Pada Biro Umum Sekretariat Daerah Pemerintah Provinsi atau Setda Pemprov Sultra tahun anggaran 2022-2023.
Penggeledahan tersebut salah satunya berlangsung di rumah pribadi mantan Sekretaris Daerah atau Sekda Sultra, Asrun Lio.
Tim Pidana Khusus (Pidsus) Kejati Sultra juga menggeledah salah satu restoran atau rumah makan.
Restoran itu berlokasi di Jl Malik Raya, Kelurahan Korumba, Kecamatan Mandonga, Kota Kendari.
Penggeledahan juga dilakukan disejumlah lokasi lainnya, namun Kepala Seksi Penerangan Hukum (Kasi Penkum) Kejati Sultra, Irwan Said, belum merincinya.
Baca juga: Eks PPTK Biro Umum Sulawesi Tenggara Jadi Tersangka Baru Kasus Kapal Azimut, Ali Mazi Ikut Diperiksa
Irwan dikonfirmasi wartawan TribunnewsSultra.com, Jumat (10/07/2026), membenarkan proses penggeledahan yang dilakukan tim pidsus di sejumlah kokasi di Kendari.
Sekaitan pengusutan dugaan kasus belanja makan minum untuk jamuan tamu kepala daerah, wakil kepala daerah, dan biro umum pada Biro Umum Setda Pemprov Sultra.
"Penggeledahan untuk mencari alat bukti dan barang bukti terkait penyidikan dugaan tipikor dalam kegiatan belanja makan dan minum jamuan tamu kepala daerah, wakil kepala daerah, dan biro umum," katanya.
Kegiatan pada Biro Umum Setda Sultra tersebut untuk tahun anggaran 2022 dan 2023.
Dengan nilai total anggaran makan minum pada periode tersebut mencapai Rp31 miliar.
Masing-masing Rp17 miliar pada tahun anggaran 2022 dan tahun 2023 sebesar Rp14 miliar.
“Penggeledahan dilakukan di beberapa lokasi di Kota Kendari," jelas Irwan kepada wartawan TribunnewsSultra.com.

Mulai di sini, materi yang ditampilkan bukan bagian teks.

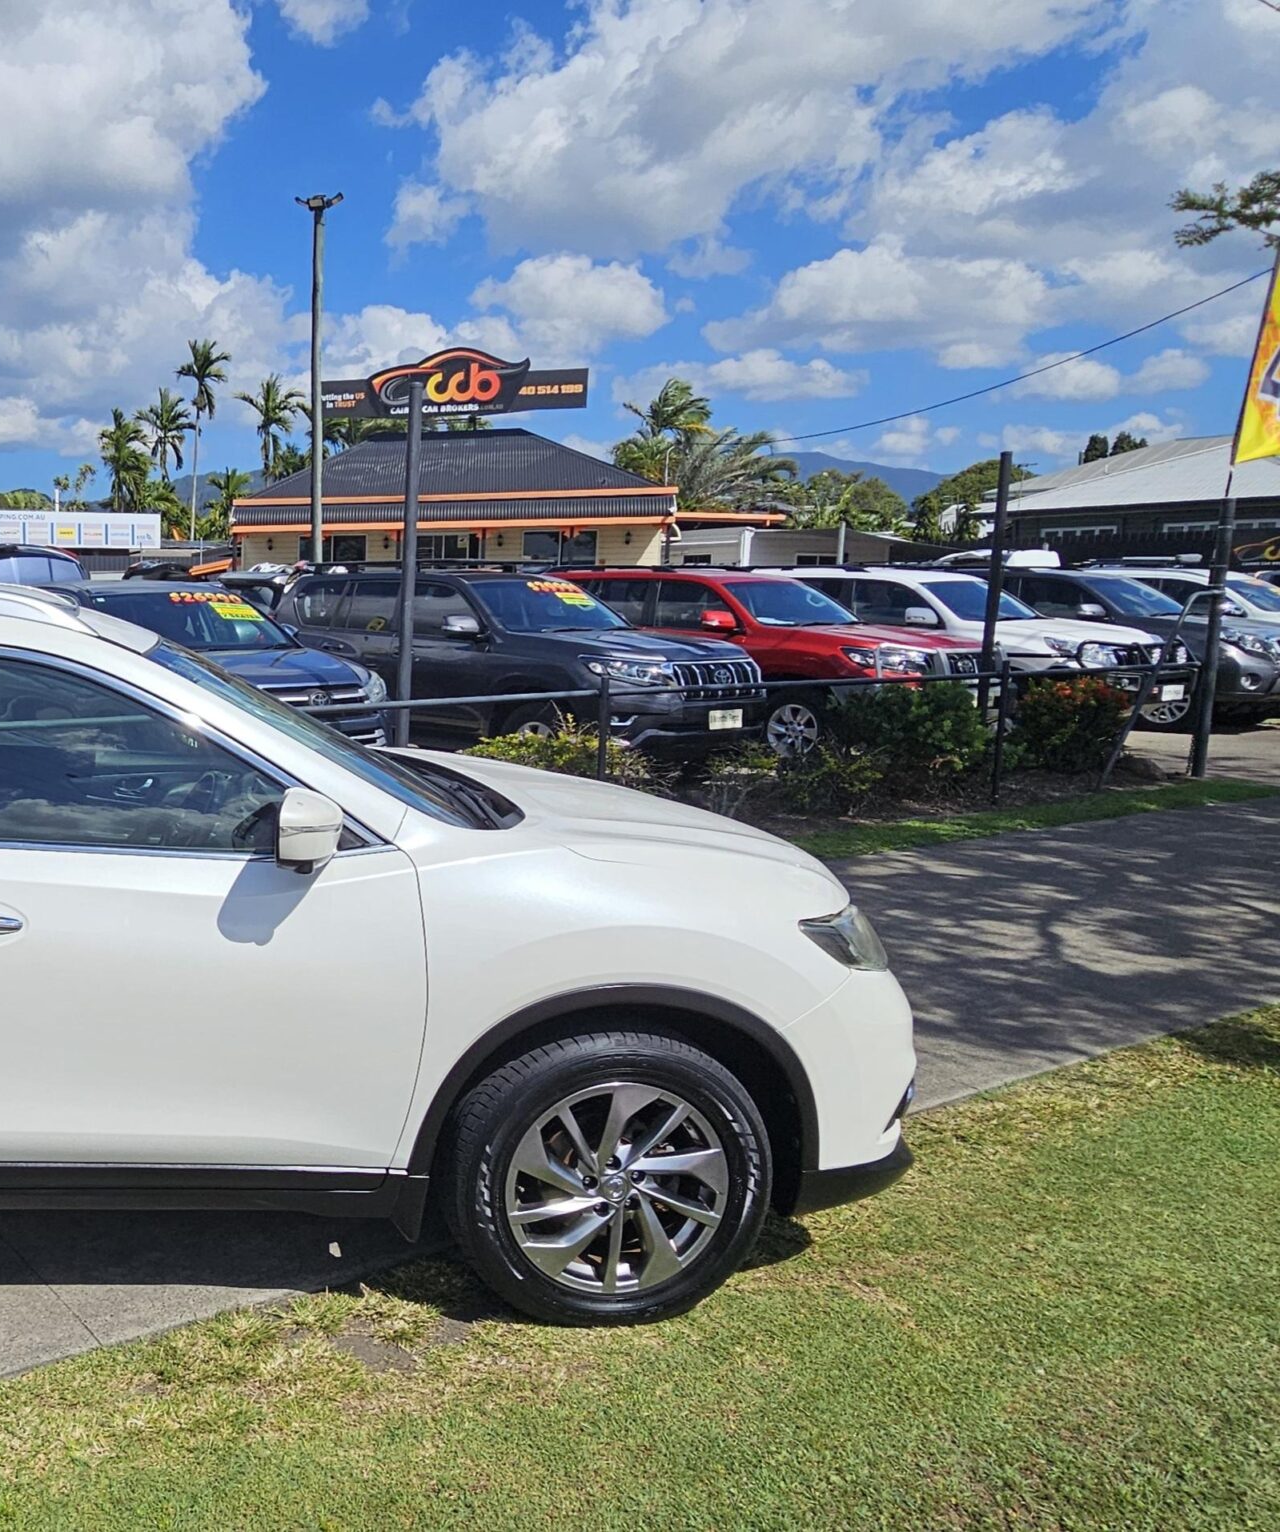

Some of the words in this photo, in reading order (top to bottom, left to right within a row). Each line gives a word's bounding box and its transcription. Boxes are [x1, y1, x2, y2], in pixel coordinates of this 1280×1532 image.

[518, 385, 536, 395] 40
[537, 384, 559, 394] 514
[343, 392, 354, 400] the
[334, 400, 357, 408] TRUST
[390, 407, 409, 415] CAIR
[422, 405, 439, 413] CAR
[169, 592, 243, 604] $26990

Sebelumnya, Kepala Kejaksaan Tinggi atau Kajati Sultra, Sugeng Riyanta, juga membenarkan penggeledahan tersebut.
Penggeledahan di rumah eks Sekda Sultra dan lokasi lainnya sekaitan penyelidikan dugaan kasus tindak pidana korupsi (tipikor) anggaran makan dan minum.
Dugaan modusnya yakni belanja makan fiktif dan penggunaan anggaran tidak sesuai peruntukan.

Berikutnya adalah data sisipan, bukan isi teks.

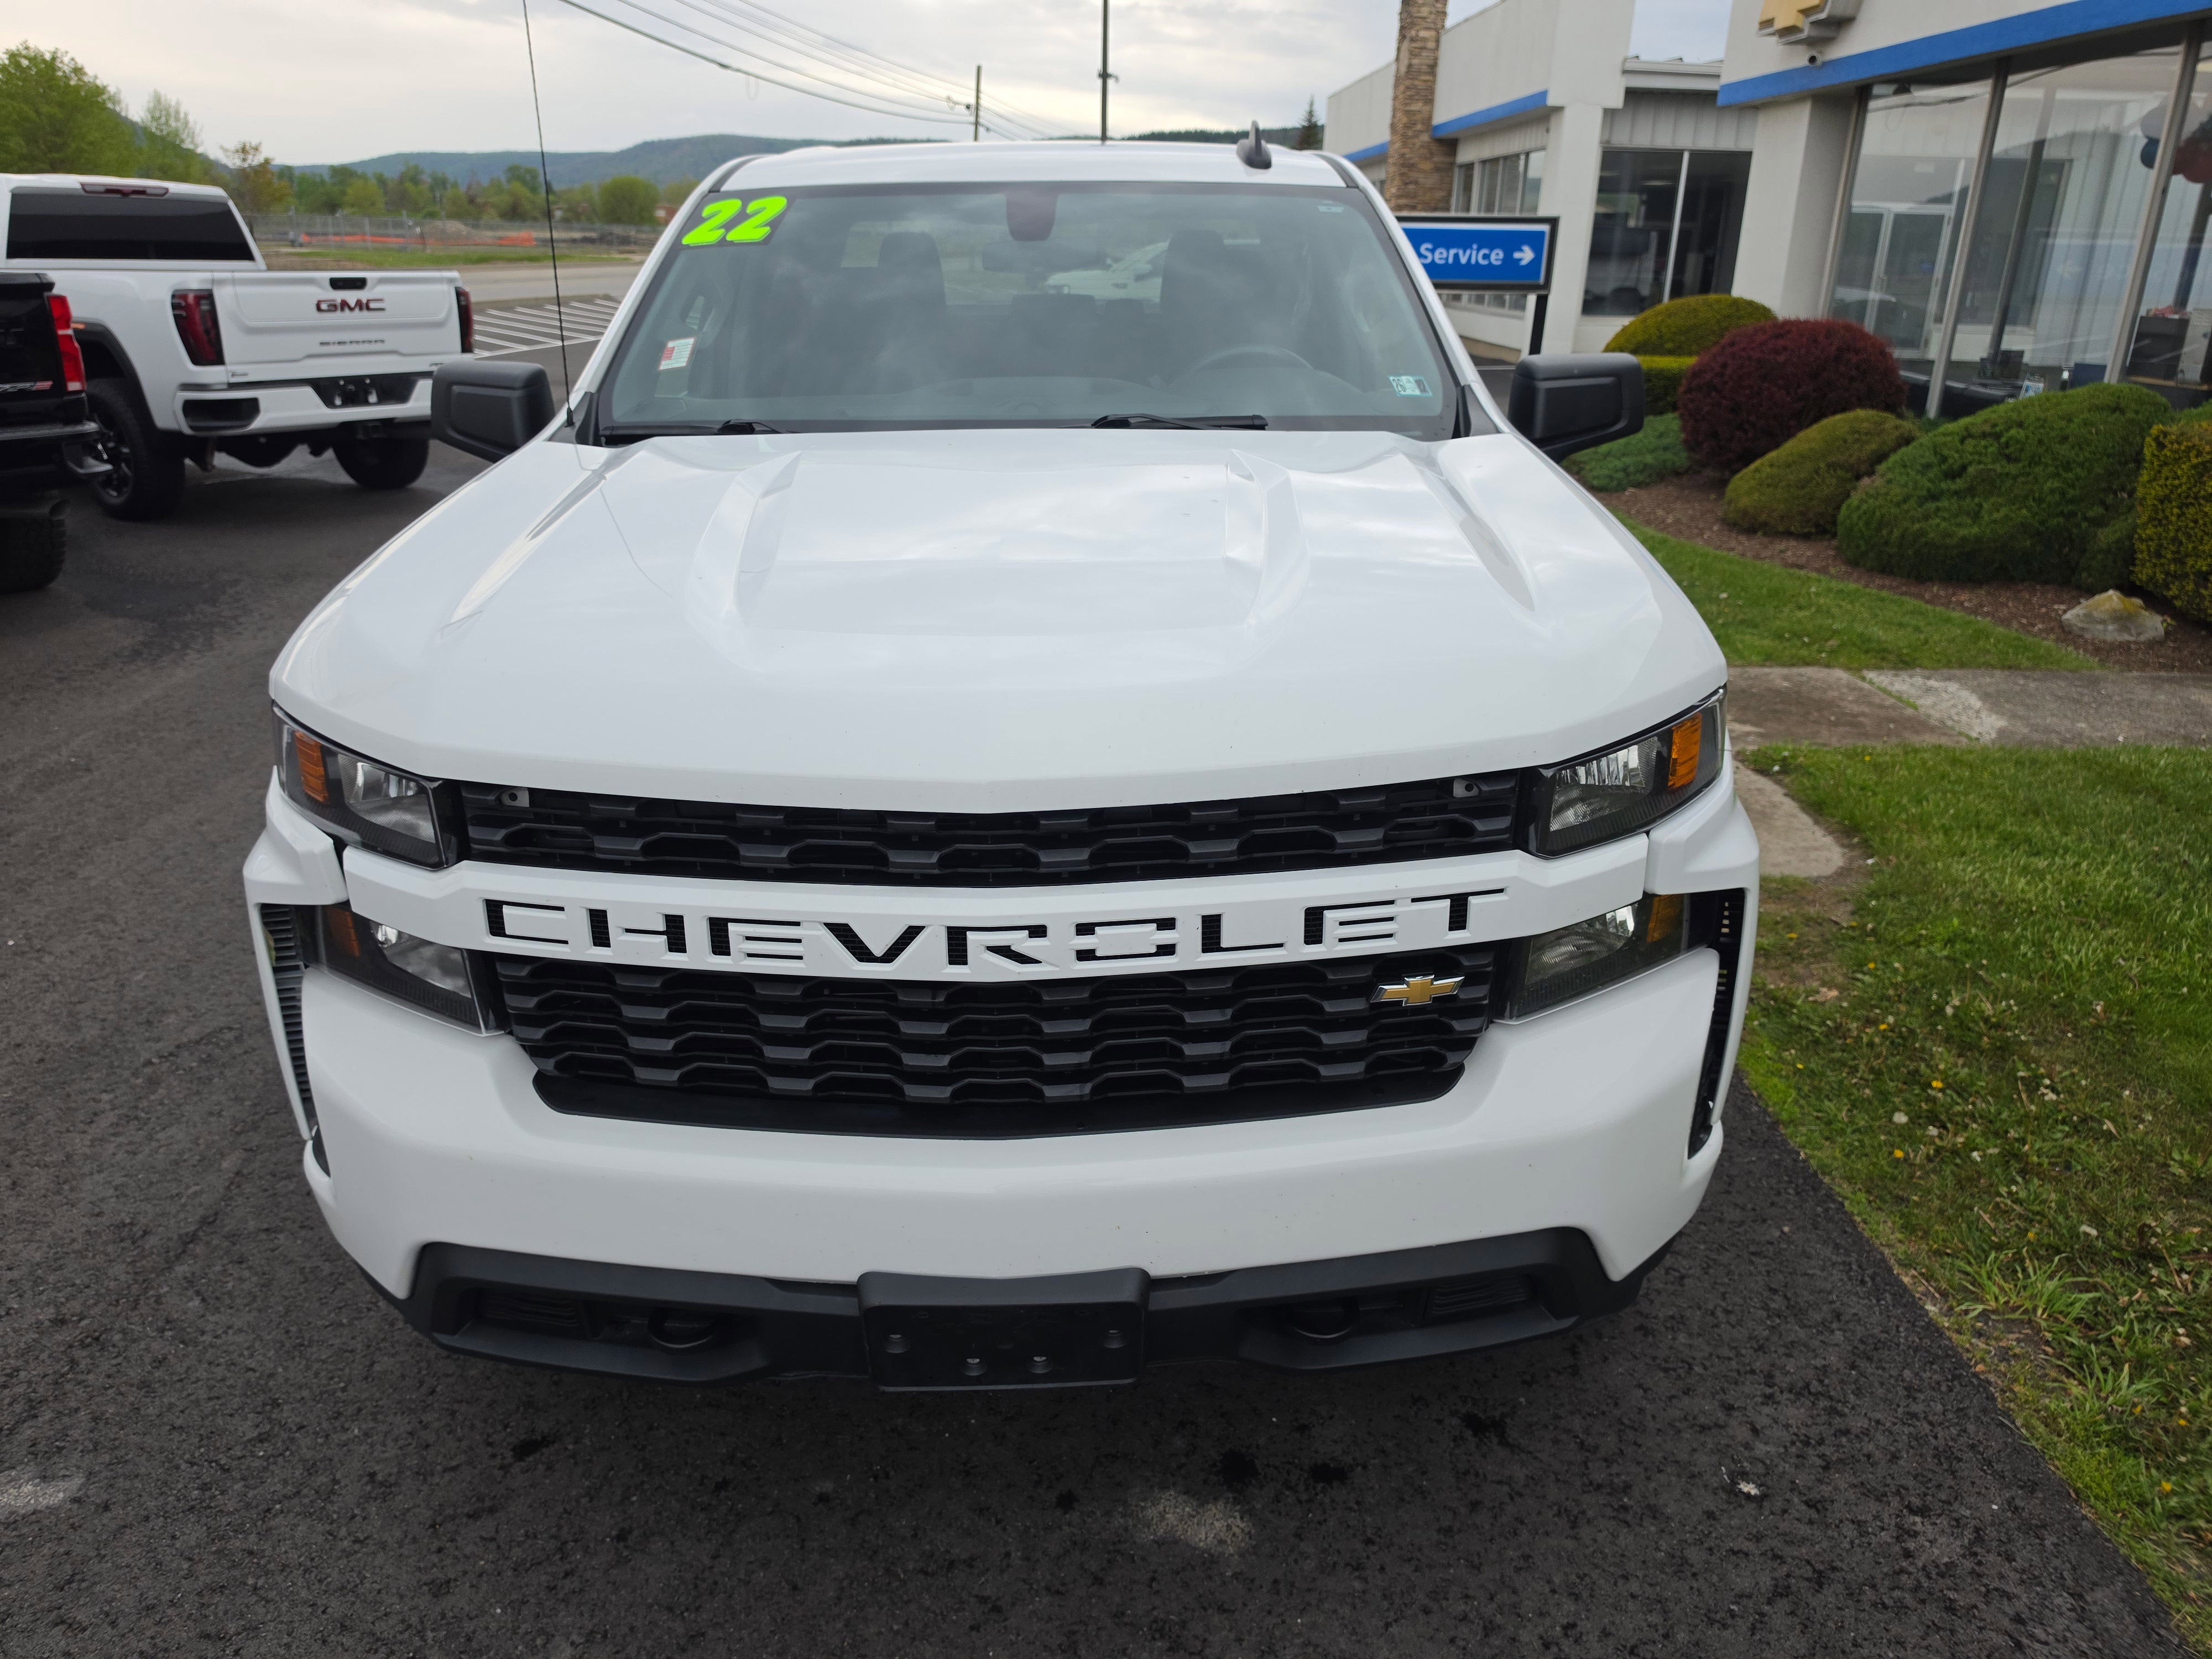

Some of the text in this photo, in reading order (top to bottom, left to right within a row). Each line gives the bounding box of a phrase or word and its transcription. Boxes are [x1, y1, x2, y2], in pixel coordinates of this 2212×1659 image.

[681, 196, 787, 246] 22
[1419, 242, 1504, 265] Service
[316, 298, 385, 312] GMC
[482, 887, 1505, 966] CHEVROLET

Hingga cashback atau komisi yang berpotensi menguntungkan penyelenggara negara.
“Nilai kerugian awal kisaran Rp5 miliar berupa cashback,” jelas mantan Direktur D pada Jaksa Agung Muda Bidang Intelijen Kejaksaan Agung (Jamintel Kejagung) ini dikutip dari Kompas.com.
Sedangkan nilai kerugian keseluruhan masih dalam proses penghitungan oleh auditor Badan Pengawasan Keuangan dan Pembangunan (BPKP).

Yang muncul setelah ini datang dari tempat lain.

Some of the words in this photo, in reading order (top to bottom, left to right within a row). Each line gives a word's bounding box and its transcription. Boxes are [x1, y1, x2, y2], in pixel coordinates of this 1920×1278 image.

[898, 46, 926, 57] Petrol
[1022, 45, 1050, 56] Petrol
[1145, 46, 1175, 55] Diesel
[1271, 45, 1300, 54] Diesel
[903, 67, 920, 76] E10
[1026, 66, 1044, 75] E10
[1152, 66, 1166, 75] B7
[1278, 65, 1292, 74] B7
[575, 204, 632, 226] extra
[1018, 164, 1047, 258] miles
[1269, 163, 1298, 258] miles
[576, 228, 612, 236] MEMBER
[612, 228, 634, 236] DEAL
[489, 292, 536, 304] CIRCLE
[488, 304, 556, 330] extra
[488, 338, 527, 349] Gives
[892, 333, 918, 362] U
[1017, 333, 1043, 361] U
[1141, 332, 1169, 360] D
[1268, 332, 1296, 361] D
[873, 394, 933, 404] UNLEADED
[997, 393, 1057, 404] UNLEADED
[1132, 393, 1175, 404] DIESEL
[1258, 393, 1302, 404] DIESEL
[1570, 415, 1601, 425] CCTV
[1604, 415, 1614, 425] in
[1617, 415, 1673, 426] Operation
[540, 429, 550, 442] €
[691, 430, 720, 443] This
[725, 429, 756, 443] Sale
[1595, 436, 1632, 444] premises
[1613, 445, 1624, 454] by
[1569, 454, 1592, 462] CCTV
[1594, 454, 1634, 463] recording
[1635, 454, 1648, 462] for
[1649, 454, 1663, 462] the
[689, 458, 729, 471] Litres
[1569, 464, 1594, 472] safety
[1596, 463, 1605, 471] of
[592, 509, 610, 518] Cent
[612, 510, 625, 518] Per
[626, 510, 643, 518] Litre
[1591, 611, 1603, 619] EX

Menurut eks Wakil Kepala Kejaksaan Tinggi (Wakajati Jateng) ini, penggeledahan yang dilakukan dalam rangka mencari alat bukti dan barang bukti terkait penyidikan kasus anggaran makan minum itu.(*)
(TribunnewsSultra.com/Apriliana Suriyanti, Kompas.com/Kiki Andi Pati)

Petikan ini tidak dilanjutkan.